▶ [Your instructions]
The pictures stay out; all of the data is to be printed exactly.

(Listed entries begins)

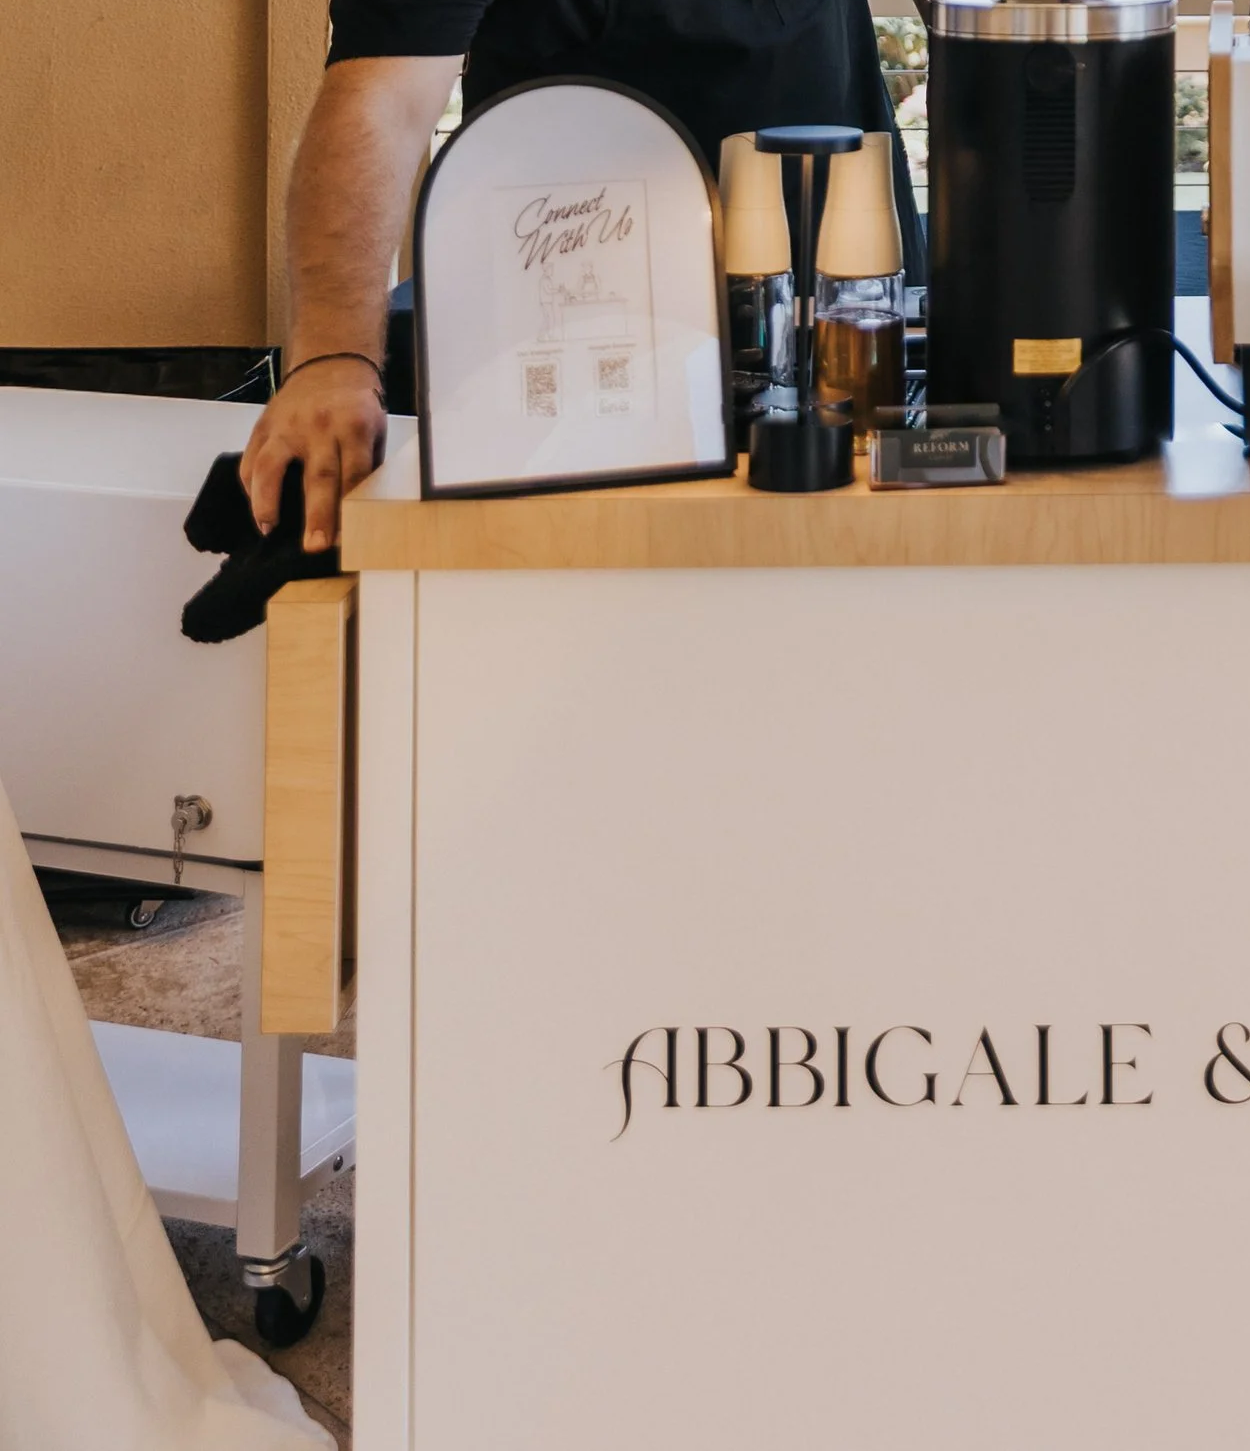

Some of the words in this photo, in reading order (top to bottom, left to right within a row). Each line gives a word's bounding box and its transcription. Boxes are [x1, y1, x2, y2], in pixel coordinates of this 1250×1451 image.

[514, 187, 607, 239] Connect
[518, 222, 586, 271] With
[584, 204, 633, 244] Us
[913, 440, 970, 453] REFORM
[602, 1023, 1154, 1143] ABBIGALE

(Listed entries ends)

▶ [Exercise solution]
Some of the words in this photo, in reading order (top to bottom, left to right within a row). Each line gives a word's bounding box and its transcription. Boxes are [x1, y1, x2, y2], in pixel coordinates of this 1250×1451 image.

[514, 187, 607, 239] Connect
[518, 222, 586, 271] With
[584, 204, 633, 244] Us
[913, 440, 970, 453] REFORM
[602, 1023, 1154, 1143] ABBIGALE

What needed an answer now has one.